In Karachi, on that first trip, my mother gave her first press conference. Papa had trusted Ghinwa to speak for him. A journalist asked the question on everyone’s mind that winter of 1989: why hadn’t Murtaza returned to participate in his country’s turn towards democracy? Mummy answered honestly: ‘He wants to. But his sister has asked him not to come back now.’ Benazir would not forget her sisterin-law’s frank remark.

It was shortly after our return to Damascus that Mummy found out she was pregnant. My parents told me together. They seemed nervous, again.
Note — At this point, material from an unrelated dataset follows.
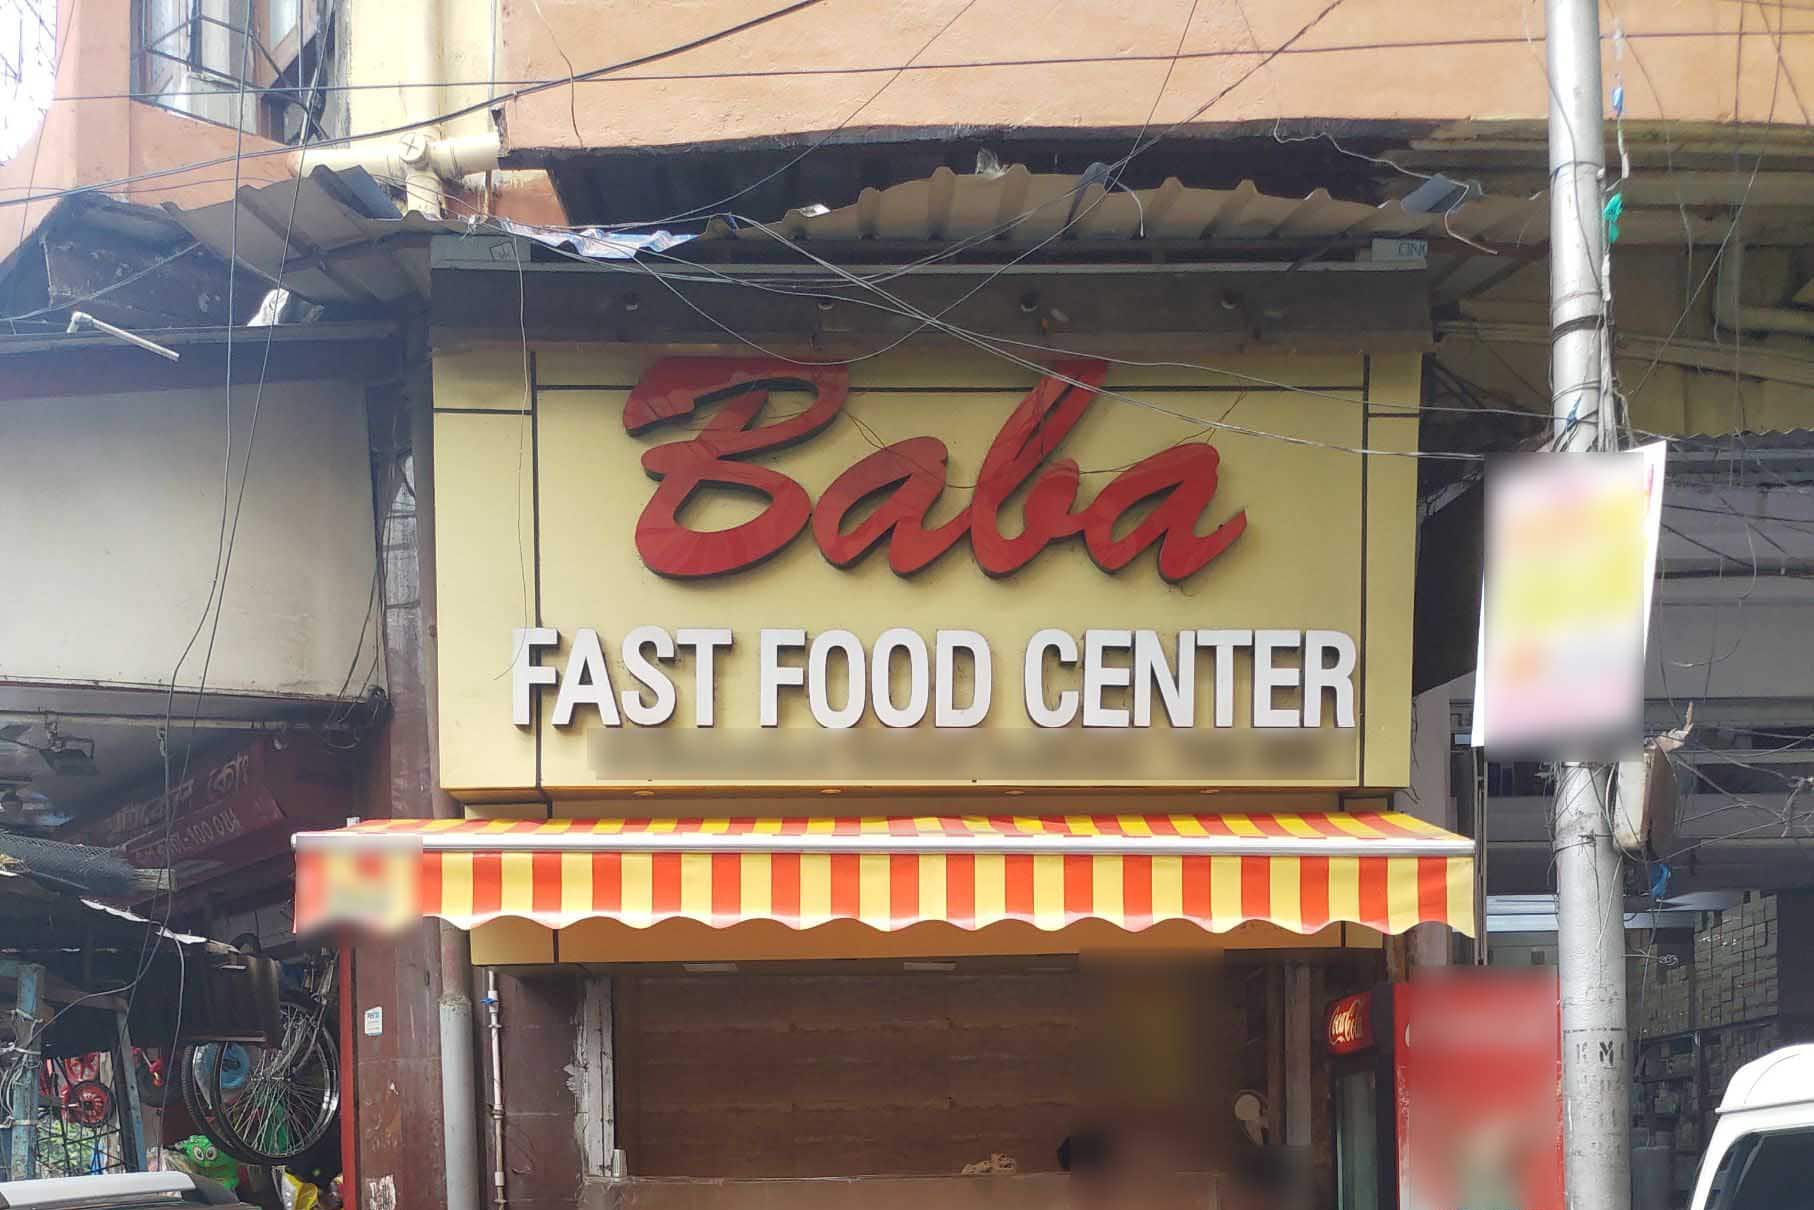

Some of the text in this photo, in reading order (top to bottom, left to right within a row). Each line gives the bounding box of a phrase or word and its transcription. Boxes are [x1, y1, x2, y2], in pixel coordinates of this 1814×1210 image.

[623, 356, 1248, 582] Baba
[511, 625, 1358, 729] FAST FOOD CENTER
I had been an only child, and a pushy one at that, for so long. ‘Fati,’ Papa started, gulping air, before launching into his single breath breaking news tyle,‘Mummyandiaregoingtohaveababy.’ I was thrilled. I started screaming and jumping up and down, this time on the marble floor. I just hoped it wouldn’t be a girl.
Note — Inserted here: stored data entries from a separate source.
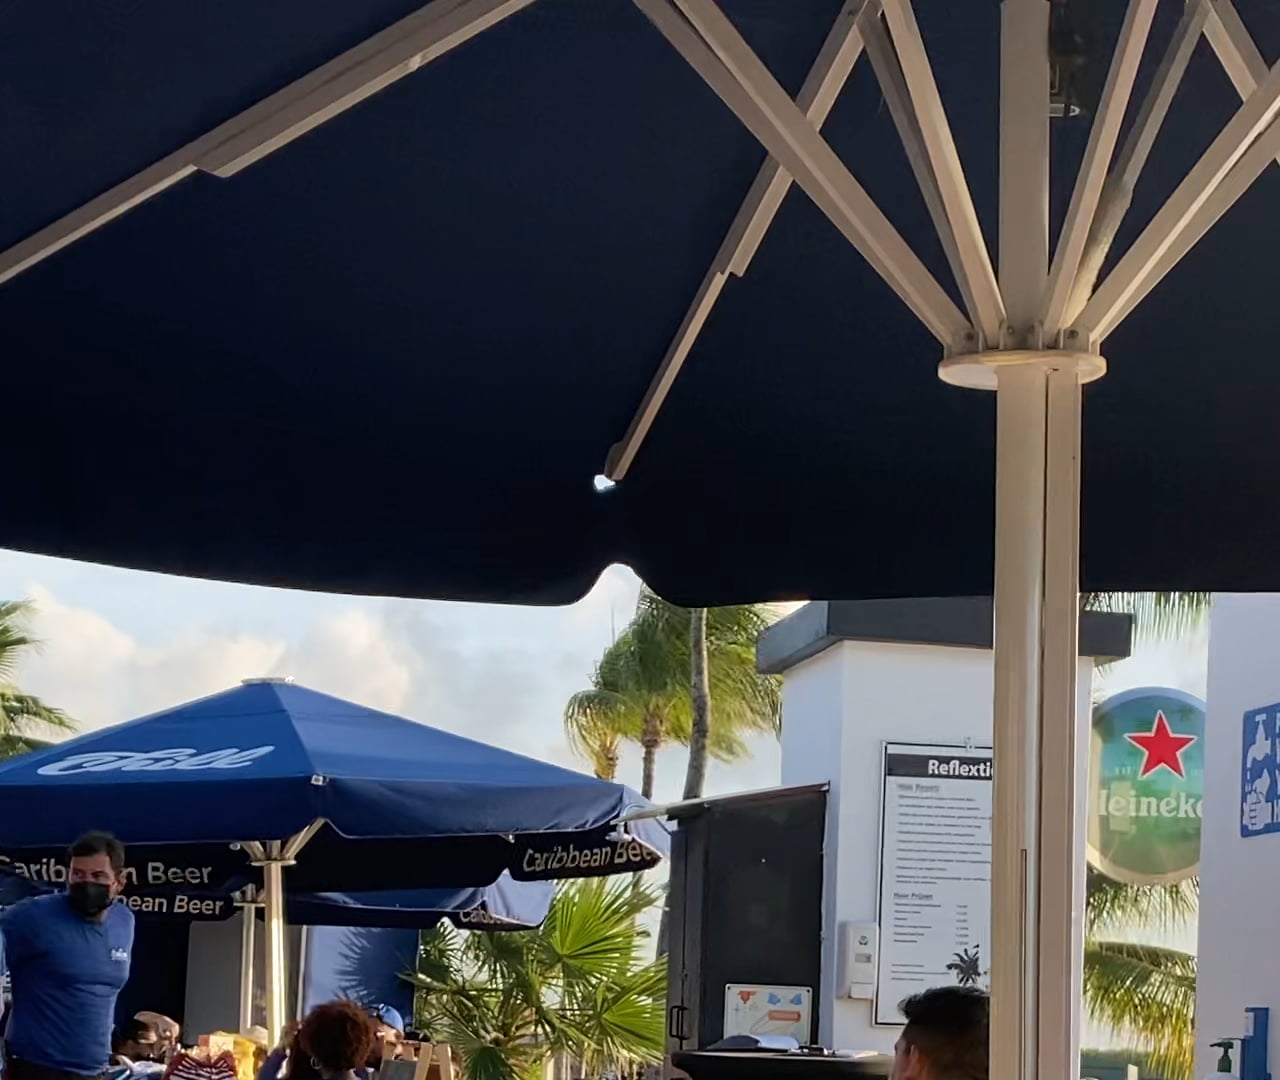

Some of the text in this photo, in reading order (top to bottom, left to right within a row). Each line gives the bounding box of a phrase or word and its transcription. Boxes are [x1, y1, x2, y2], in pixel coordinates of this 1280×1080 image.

[37, 745, 275, 775] Chill
[928, 759, 993, 777] Reflexti
[522, 840, 654, 873] Caribbean Bee
[147, 861, 213, 885] Beer
[173, 895, 224, 915] Beer
Zulfikar Ali Bhutto junior was born on 1 August 1990, ten days late. I was at my friend Paula’s house when Papa raced over to pick me up and take me to the hospital. Papa was early and I was annoyed. I had two more hours left of playtime and he didn’t say why he had come early to pick me up. Papa honked from the car downstairs like a madman. When I didn’t respond, he ran to the intercom, calling that I should get my things and come down. Papa wasn’t normally so anxious; I thought he was playing a trick on me.
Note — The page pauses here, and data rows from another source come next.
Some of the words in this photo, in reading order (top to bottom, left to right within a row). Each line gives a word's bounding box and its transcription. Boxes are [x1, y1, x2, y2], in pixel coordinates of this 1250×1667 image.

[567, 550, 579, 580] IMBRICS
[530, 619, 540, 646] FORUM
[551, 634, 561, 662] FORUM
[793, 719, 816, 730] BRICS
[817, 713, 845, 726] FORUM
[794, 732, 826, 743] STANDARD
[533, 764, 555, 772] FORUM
A few weeks earlier he had burst into my bedroom on a Saturday morning shouting for me to get up. ‘Fati! Fati!
Fati!
’ he yelled ‘
Come quickly!
’ I rubbed my eyes and looked at the clock on my bedside table. It was only 7.30 in the morning. ‘What is it?’ I asked, sitting up groggily. ‘
Hurry up, Get up
.
Get up!’
he yelled and ran out the door. I slung my legs out of bed and dragged myself out of my room. The minute I went through the door Papa dumped a bucket of water on me. He had a laugh that sounded so mischievous when he was playing pranks it was hard not to laugh along. I burst into fits of giggles and we stood there in the wet hallway, me drenched in water and him holding an empty red bucket.

But this time there was no prank. I sat in the car, having taken my time to get downstairs, and we zoomed off to the Chami Hospital in the centre of town. We saw Zulfi for the first time together. He was dry and scaly, from having hung around in the womb well past his due date, and bright pink. Joonam came to Damascus to be with us for the birth. Benazir, in an attempt to patch things up with her mother and keep her in the right sphere of influence, so to speak, made Nusrat a federal minister. Joonam didn’t sacrifice her life for the job, understanding perhaps why it had been given to her, and left her post to spend a month with us in Syria. Joonam was with us in Damascus when Benazir’s government fell. Our new life as a family was blissfully complete.